** Opening Exercise input block **

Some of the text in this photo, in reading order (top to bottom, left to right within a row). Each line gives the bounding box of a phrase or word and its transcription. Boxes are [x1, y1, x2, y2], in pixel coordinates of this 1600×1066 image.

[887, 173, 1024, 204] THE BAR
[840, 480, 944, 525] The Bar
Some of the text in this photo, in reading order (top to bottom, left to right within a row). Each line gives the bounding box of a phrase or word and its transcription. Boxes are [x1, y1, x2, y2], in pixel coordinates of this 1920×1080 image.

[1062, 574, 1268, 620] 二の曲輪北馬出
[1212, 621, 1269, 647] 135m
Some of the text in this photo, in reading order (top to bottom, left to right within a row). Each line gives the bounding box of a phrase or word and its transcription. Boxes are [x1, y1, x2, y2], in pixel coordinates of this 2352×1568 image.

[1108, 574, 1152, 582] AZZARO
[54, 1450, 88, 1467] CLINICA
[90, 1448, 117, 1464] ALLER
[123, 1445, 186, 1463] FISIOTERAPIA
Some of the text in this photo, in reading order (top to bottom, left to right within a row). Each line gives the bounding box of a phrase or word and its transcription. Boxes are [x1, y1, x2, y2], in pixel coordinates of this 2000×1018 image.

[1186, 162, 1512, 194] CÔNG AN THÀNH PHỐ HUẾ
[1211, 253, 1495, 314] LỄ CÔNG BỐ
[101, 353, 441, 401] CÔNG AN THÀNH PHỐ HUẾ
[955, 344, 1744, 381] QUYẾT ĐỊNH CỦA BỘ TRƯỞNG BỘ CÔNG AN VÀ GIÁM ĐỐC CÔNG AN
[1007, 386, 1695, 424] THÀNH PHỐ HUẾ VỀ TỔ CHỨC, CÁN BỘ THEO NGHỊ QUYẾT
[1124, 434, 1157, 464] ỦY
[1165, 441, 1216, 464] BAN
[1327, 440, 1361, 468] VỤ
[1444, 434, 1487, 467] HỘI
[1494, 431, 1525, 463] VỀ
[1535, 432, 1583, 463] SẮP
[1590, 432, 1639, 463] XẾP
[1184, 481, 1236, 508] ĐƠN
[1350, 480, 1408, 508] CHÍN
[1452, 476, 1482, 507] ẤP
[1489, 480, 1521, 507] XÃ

** Closing Exercise input block **

## Exercise instructions
Print every line of the records above without a single difference.

## Response for this exercise
Some of the text in this photo, in reading order (top to bottom, left to right within a row). Each line gives the bounding box of a phrase or word and its transcription. Boxes are [x1, y1, x2, y2], in pixel coordinates of this 1600×1066 image.

[887, 173, 1024, 204] THE BAR
[840, 480, 944, 525] The Bar
Some of the text in this photo, in reading order (top to bottom, left to right within a row). Each line gives the bounding box of a phrase or word and its transcription. Boxes are [x1, y1, x2, y2], in pixel coordinates of this 1920×1080 image.

[1062, 574, 1268, 620] 二の曲輪北馬出
[1212, 621, 1269, 647] 135m
Some of the text in this photo, in reading order (top to bottom, left to right within a row). Each line gives the bounding box of a phrase or word and its transcription. Boxes are [x1, y1, x2, y2], in pixel coordinates of this 2352×1568 image.

[1108, 574, 1152, 582] AZZARO
[54, 1450, 88, 1467] CLINICA
[90, 1448, 117, 1464] ALLER
[123, 1445, 186, 1463] FISIOTERAPIA
Some of the text in this photo, in reading order (top to bottom, left to right within a row). Each line gives the bounding box of a phrase or word and its transcription. Boxes are [x1, y1, x2, y2], in pixel coordinates of this 2000×1018 image.

[1186, 162, 1512, 194] CÔNG AN THÀNH PHỐ HUẾ
[1211, 253, 1495, 314] LỄ CÔNG BỐ
[101, 353, 441, 401] CÔNG AN THÀNH PHỐ HUẾ
[955, 344, 1744, 381] QUYẾT ĐỊNH CỦA BỘ TRƯỞNG BỘ CÔNG AN VÀ GIÁM ĐỐC CÔNG AN
[1007, 386, 1695, 424] THÀNH PHỐ HUẾ VỀ TỔ CHỨC, CÁN BỘ THEO NGHỊ QUYẾT
[1124, 434, 1157, 464] ỦY
[1165, 441, 1216, 464] BAN
[1327, 440, 1361, 468] VỤ
[1444, 434, 1487, 467] HỘI
[1494, 431, 1525, 463] VỀ
[1535, 432, 1583, 463] SẮP
[1590, 432, 1639, 463] XẾP
[1184, 481, 1236, 508] ĐƠN
[1350, 480, 1408, 508] CHÍN
[1452, 476, 1482, 507] ẤP
[1489, 480, 1521, 507] XÃ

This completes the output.